REQUIRED ACTION -> Copy nothing but the text: repeat each entry exactly and drop the images.

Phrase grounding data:
-- -- --
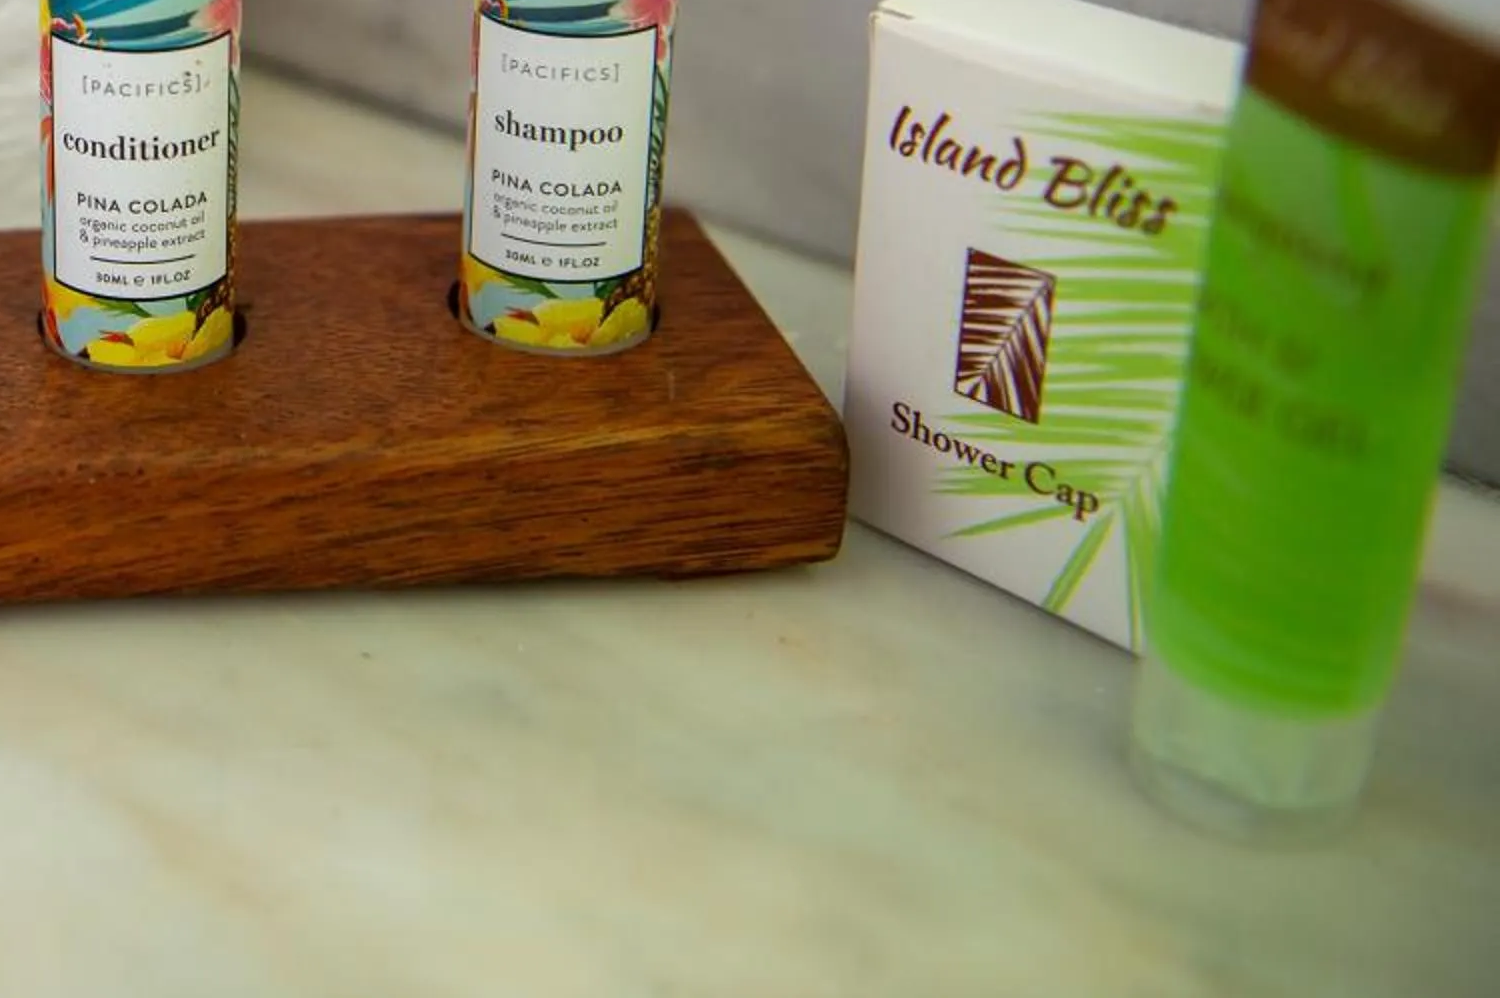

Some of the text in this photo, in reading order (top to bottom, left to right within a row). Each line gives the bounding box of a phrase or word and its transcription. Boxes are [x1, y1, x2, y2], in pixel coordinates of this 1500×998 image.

[495, 110, 623, 151] shampoo
[64, 129, 220, 161] conditioner
[491, 170, 622, 197] PINA COLADA
[888, 105, 1178, 238] Island Bliss
[77, 192, 207, 215] PINA COLADA
[494, 192, 618, 215] organic coconut oil
[80, 211, 204, 233] organic coconut oil
[493, 206, 618, 234] & pineapple extract
[80, 229, 205, 253] & pineapple extract
[890, 401, 1099, 523] Shower Cap
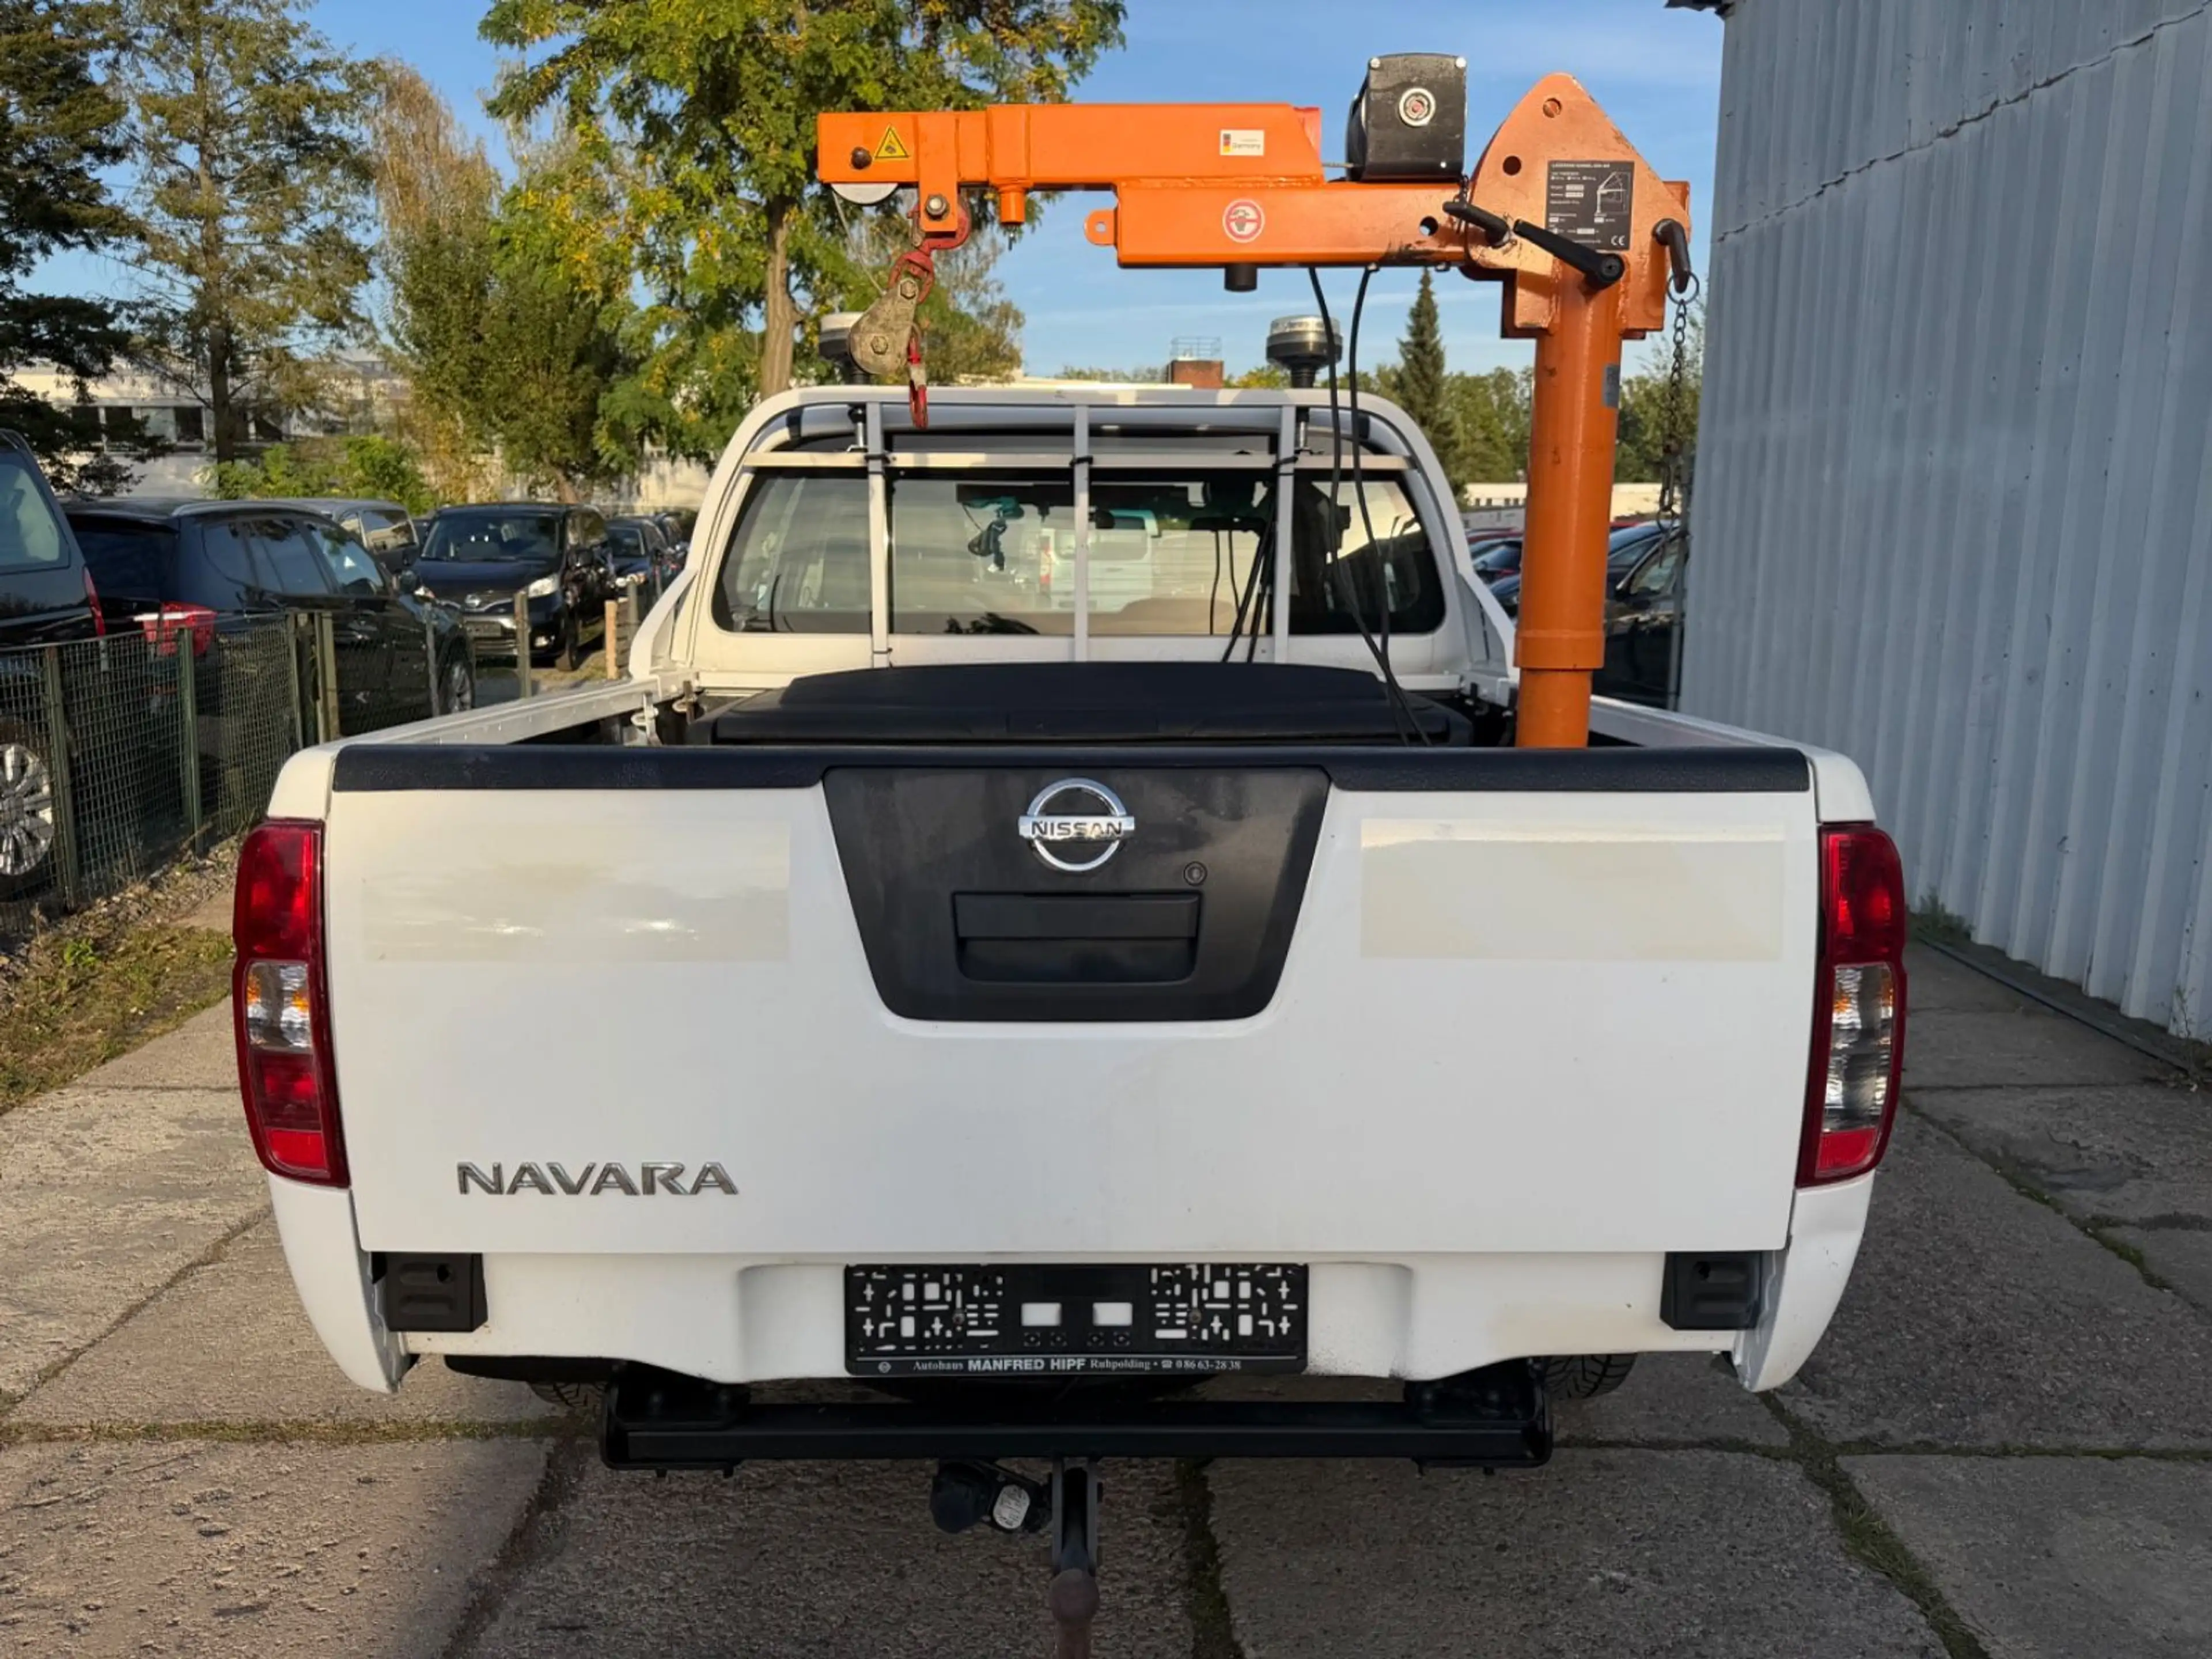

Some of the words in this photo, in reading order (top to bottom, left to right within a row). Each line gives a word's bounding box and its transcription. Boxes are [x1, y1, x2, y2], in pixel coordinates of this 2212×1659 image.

[1031, 821, 1122, 836] NISSAN
[457, 1162, 738, 1196] NAVARA
[913, 1361, 964, 1371] Autohaus
[968, 1359, 1045, 1372] MANFRED
[1050, 1358, 1086, 1370] HIPF
[1090, 1358, 1150, 1371] Ruhpolding
-- -- --
TASK OUTPUT ->
Some of the text in this photo, in reading order (top to bottom, left to right within a row). Each line gives the bounding box of a phrase or word and its transcription. Boxes are [x1, y1, x2, y2], in pixel coordinates of this 1500×998 image.

[495, 110, 623, 151] shampoo
[64, 129, 220, 161] conditioner
[491, 170, 622, 197] PINA COLADA
[888, 105, 1178, 238] Island Bliss
[77, 192, 207, 215] PINA COLADA
[494, 192, 618, 215] organic coconut oil
[80, 211, 204, 233] organic coconut oil
[493, 206, 618, 234] & pineapple extract
[80, 229, 205, 253] & pineapple extract
[890, 401, 1099, 523] Shower Cap

Some of the words in this photo, in reading order (top to bottom, left to right within a row). Each line gives a word's bounding box and its transcription. Boxes are [x1, y1, x2, y2], in pixel coordinates of this 2212×1659 image.

[1031, 821, 1122, 836] NISSAN
[457, 1162, 738, 1196] NAVARA
[913, 1361, 964, 1371] Autohaus
[968, 1359, 1045, 1372] MANFRED
[1050, 1358, 1086, 1370] HIPF
[1090, 1358, 1150, 1371] Ruhpolding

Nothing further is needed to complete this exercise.